##### Input for this task #####

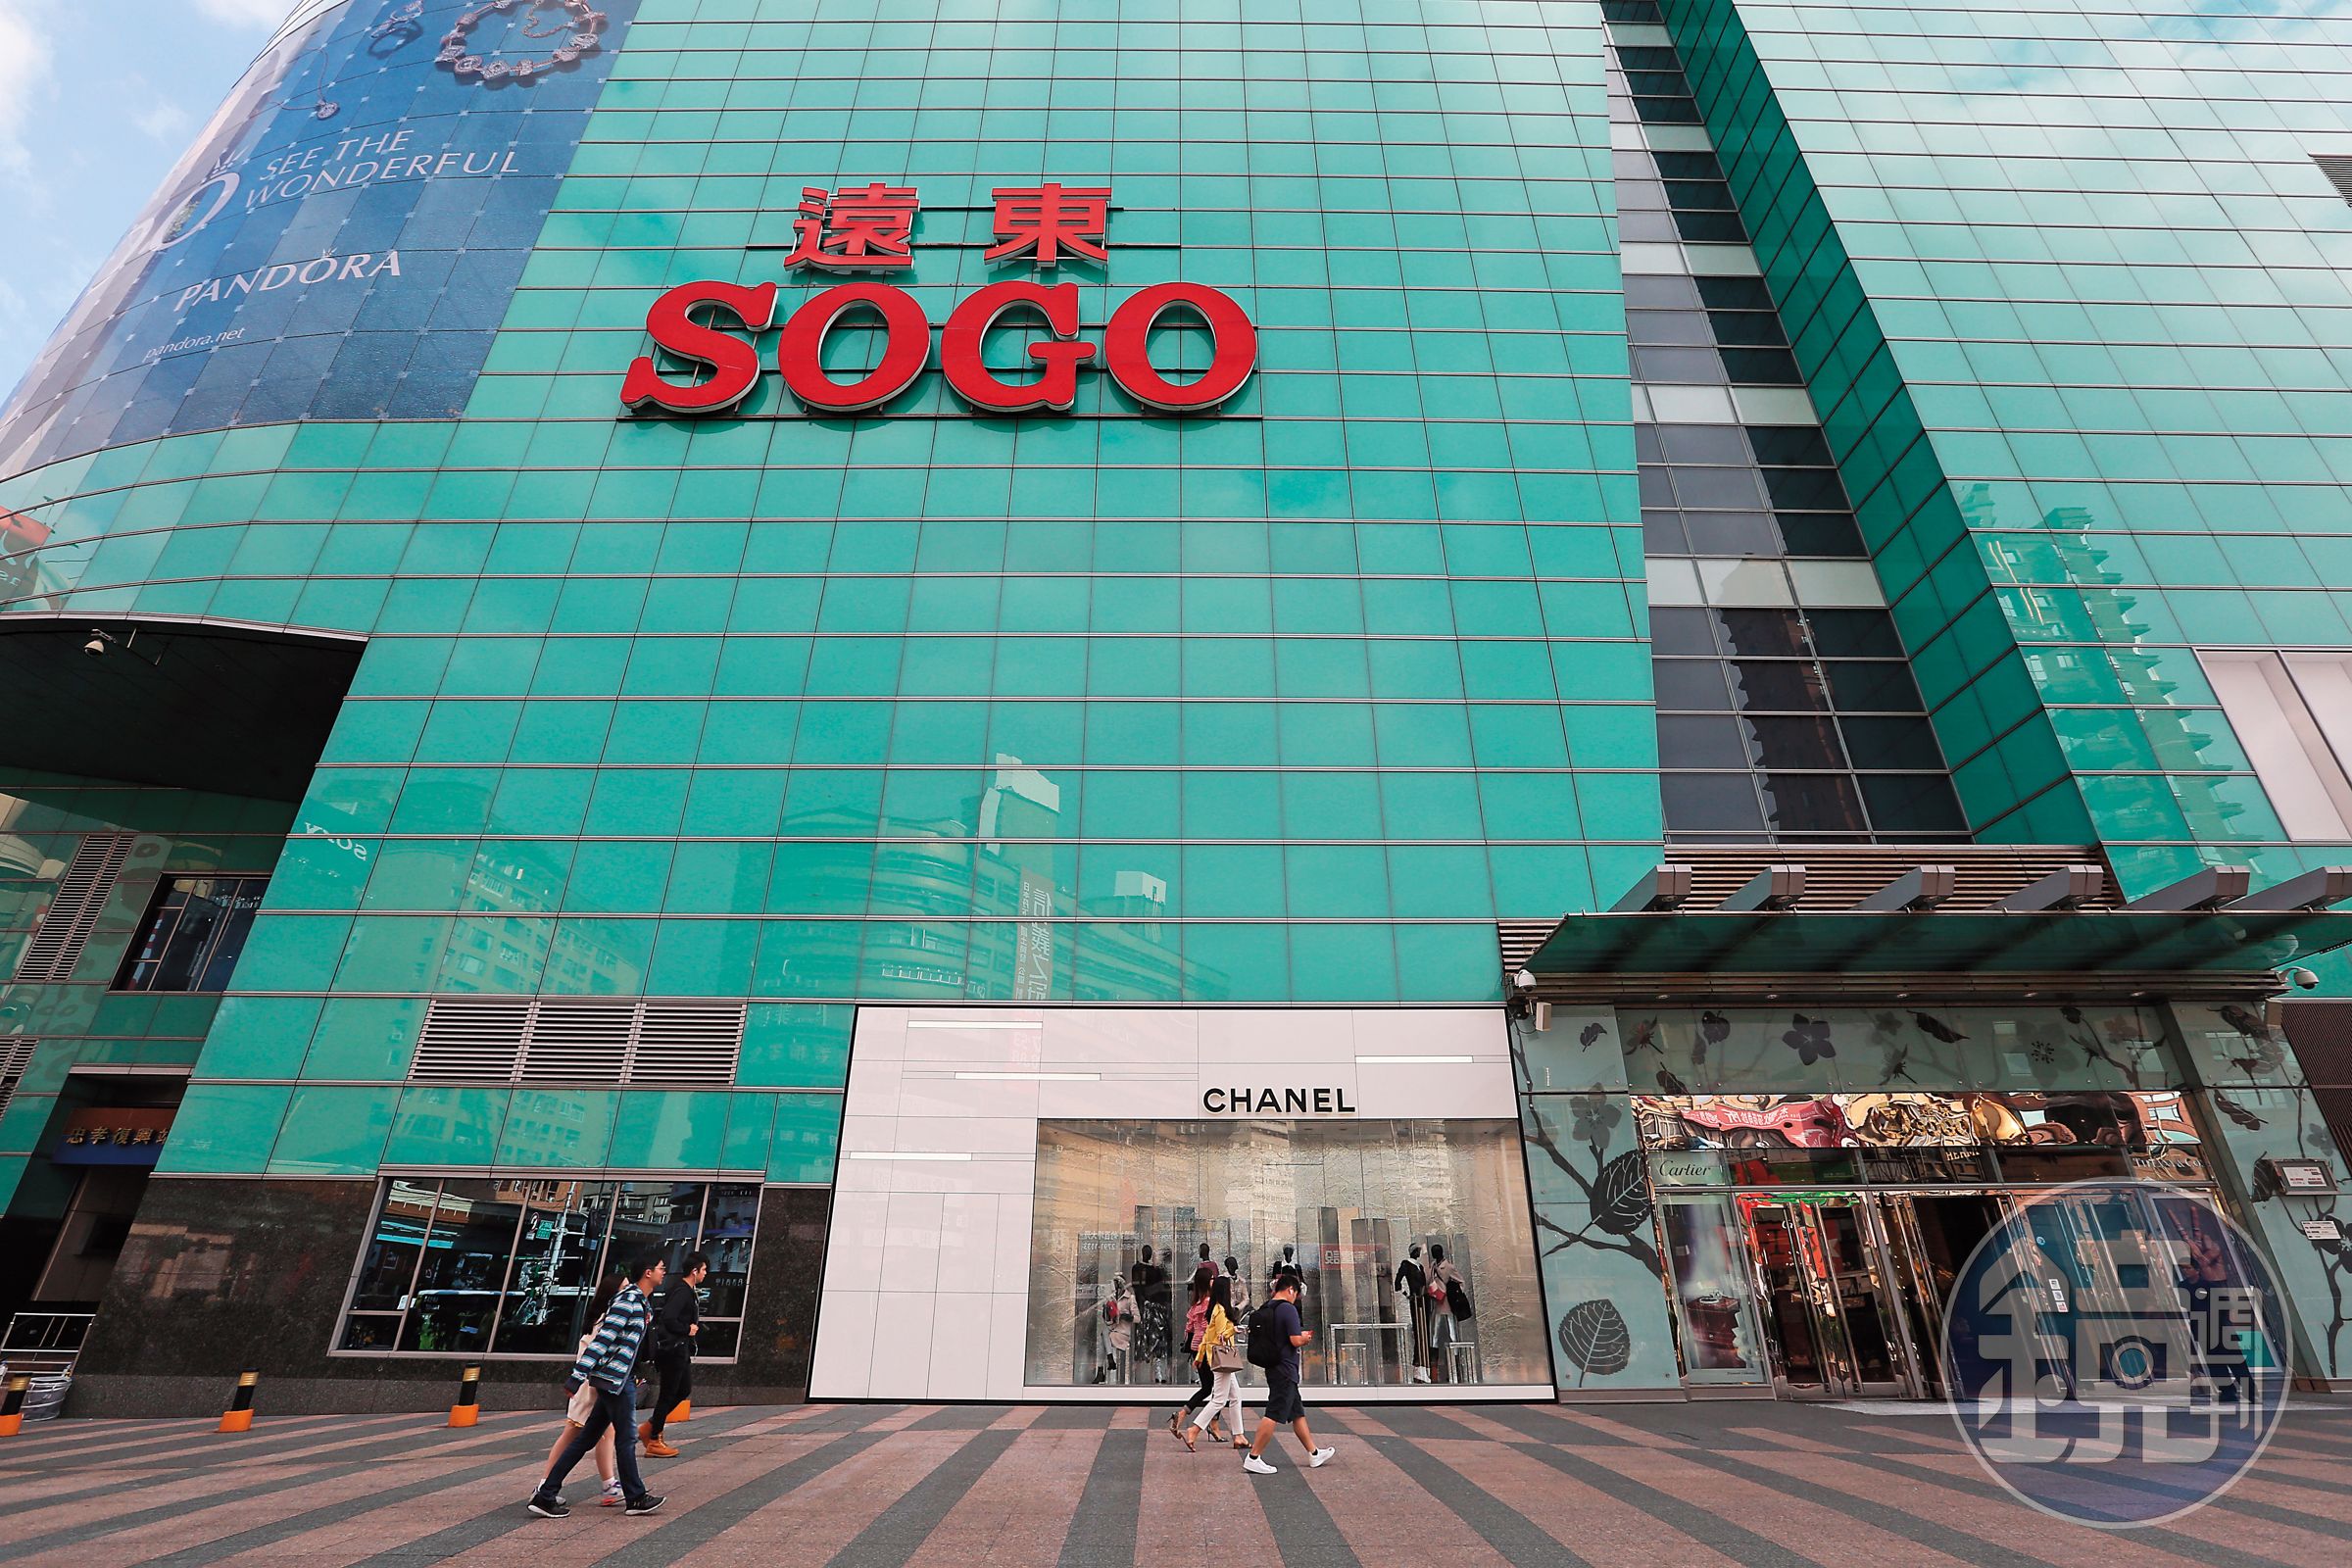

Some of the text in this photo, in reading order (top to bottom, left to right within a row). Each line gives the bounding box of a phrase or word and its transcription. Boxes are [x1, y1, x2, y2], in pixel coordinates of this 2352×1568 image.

[245, 151, 519, 209] WONDERFUL
[259, 129, 414, 180] SEE THE
[784, 182, 1113, 271] 遠東
[173, 249, 401, 313] PANDORA
[141, 327, 246, 364] pandora.net
[620, 279, 1258, 414] SOGO
[1202, 1087, 1356, 1113] CHANEL
[1659, 1160, 1712, 1177] Cartier

#####

Directions:
Would you output all of the entries above exactly, keeping the pictures out?

Task result:
Some of the text in this photo, in reading order (top to bottom, left to right within a row). Each line gives the bounding box of a phrase or word and its transcription. Boxes are [x1, y1, x2, y2], in pixel coordinates of this 2352×1568 image.

[245, 151, 519, 209] WONDERFUL
[259, 129, 414, 180] SEE THE
[784, 182, 1113, 271] 遠東
[173, 249, 401, 313] PANDORA
[141, 327, 246, 364] pandora.net
[620, 279, 1258, 414] SOGO
[1202, 1087, 1356, 1113] CHANEL
[1659, 1160, 1712, 1177] Cartier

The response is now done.